Tarihe baktığımızda, görece daha “kötü” olan tarafın, mesela Sigma’dan 7 yiyen Fenerbahçe’nin dönüşünde Ali Sami yen’de kazanması gibi, kazanmaya daha yakın olduğunu görebiliyoruz. Bu pencereden bakarsak, Londra’da 1 puanı ve onurunu kurtaran Fenerbahçe’nin, görece kötü taraf olarak galibiyete yakın olduğunu söyleyebiliriz..

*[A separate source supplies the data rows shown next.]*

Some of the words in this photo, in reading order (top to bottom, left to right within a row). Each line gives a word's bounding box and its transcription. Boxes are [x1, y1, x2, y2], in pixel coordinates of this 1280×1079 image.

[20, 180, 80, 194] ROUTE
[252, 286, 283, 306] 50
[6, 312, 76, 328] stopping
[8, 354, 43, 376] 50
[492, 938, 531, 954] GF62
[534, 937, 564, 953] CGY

Yok, futbolun yalın gerçekleri ışığında , form durumları ve takımların genel halini koyarsak tartıya, Galatasaray’ın rahat bir galibiyet alacağı da söylenebilir. Ama kabul etmek gerekir ki, Galatasaray cephesinde anlaşılması güç bir Saraçoğlu sendromu var. Yani psikolojik üstünlük her koşulda ve durumda Fenerbahçe lehinde.
Uzatmayalım; bana göre bu maç berabere biter ve Trabzon puan farkını açar!

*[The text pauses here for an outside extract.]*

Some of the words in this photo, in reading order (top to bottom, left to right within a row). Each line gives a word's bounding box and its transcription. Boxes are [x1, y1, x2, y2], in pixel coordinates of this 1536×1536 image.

Tilkiye sormuşlar; “Tavuk sever misin”
Yanıt: “Gülmemden cevap veremiyorum ki”
Şakası bir yana; her iki taraftan da son Avrupa maçlarını gölgede bırakmayacak bir performans umuyor ve futbol keyfine katkı yapmalarını diliyorum..

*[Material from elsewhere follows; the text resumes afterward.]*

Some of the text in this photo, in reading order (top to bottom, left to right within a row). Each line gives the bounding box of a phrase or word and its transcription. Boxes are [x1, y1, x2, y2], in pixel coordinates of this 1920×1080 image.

ÇAPA TIP FAKÜLTESİNİN “GENEL DURUMU” VE KORKU!
Bu aralar Çapa Tıp Fakültesi’ne sık gider olduk. Bu ziyaretlerden öğrendiklerimi sizlerle de paylaşmak istiyorum.
Herkesin bilmesi gereken en acı bilgi şu; Olası İstanbul depreminde Çapa Tıp Fakültesi’nin çok az binası ayakta kalabilecek! Sadece Çapa değil üstelik, neredeyse tüm kamu ve vakıf hastanelerimiz tehdit altında! Bu bilgi sallama değil, devletin yaptırdığı analiz raporlarından. Hastalarımız, hastane personelimiz ve doktorlarımız göz göre göre ölümün kucağına atılmış durumda. “Hayır öyle değil” diyebilecek tek bir yetkili çıksın da görelim! Durum bu kadar vahim iken, rektörlüğün sessizliği ve hükümetin ilgisizliği dramatik bir utanç fotoğrafı olarak kaydını düşüyor.
İkincisi; bu ülkede hala sağlık alanında bir şeyler yapılabiliyor ve bu alanda çağdaş dünyanın gerisinde kalınmıyorsa, Çapa Tıp Fakültesi başta olmak üzere üniversite hastanelerinin akademik personelinin insan üstü çabaları sayesindedir. Mustafa Kemal’in “beni emanet edin” dediği Türk doktorların kimler olduğunu öğrenmek istiyorsanız, mesela Genel Cerrahi Anabilim Dalı Başkanı Prof. Dr.Ali Akyüz’ün yüzüne dikkatle bakmanızı öneririm. Ya da onca teknik ve temel olanaksızlıklara rağmen tıp dünyasındaki gelişmeleri günü gününe takip ederek çağdaş dünyanın dışında kalmamıza direnen Dç.Dr. Murat Aksoy ve ekibinin aydınlık yüzü özelinde tüm idealist doktorlarımızı “bilmenizi” arzu ederim. Onca “kötü”yü katlanılabilir kılan işte bu umut veren bilim adamı portrelerimizdir. Ve bu bilim adamlarımızı, maalesef, ilk depremde yerle bir olma riski taşıyan taş yığınlarına mahkum kılmışız. Bu utancın en büyük payı elbette hükümet edenlerin, valinin, belediyenindir. Lakin, toplumsal bir masumiyetten de söz edemeyiz. Hepimiz suçlu ve sorumluyuz..
Not: Hastanelerle ilgili resmi raporları görmek isteyenler, sedattunali.blogcu sayfasında görebilir.
FEDERASYON BEDAVA BİLET DAĞITTI MI?
Onlara sorarsan, sümme haşa, hiç öle şey olar mı? Ne gadder ayıp. Yok sokağa çıkıp gerçeği ararsanız, dağıttı hem de binlerce adet. Sporun içinde olan herkes, bedava bilete ve holiganizme karşı mücadele veren, ehe, Türkiye Futbol Federasyonu’nun birilerine bedava bilet verdiğine, bu birilerinin de biletleri paraya çevirdiğine inanıyor.
Neresinden bakılsa rezalet. Yalan bile olsa, ki olmadığına inanıyorum, böylesine aşağılık bir şeyin çok normal bir şeymiş gibi tartışılabiliyor olması bile başlı başına bir utançtır. Endüstriyel futbol dediğimiz ruhsuzluğun, kulüp takımlarımızdan çok milli takımımızı “vurması”, üzerinde düşünülmesi gereken çok ciddi bir travmadır. Ama kaç kişi bunun farkında bilmiyorum. Keşke Gülhane’de ceviz ağacı olsaydım!!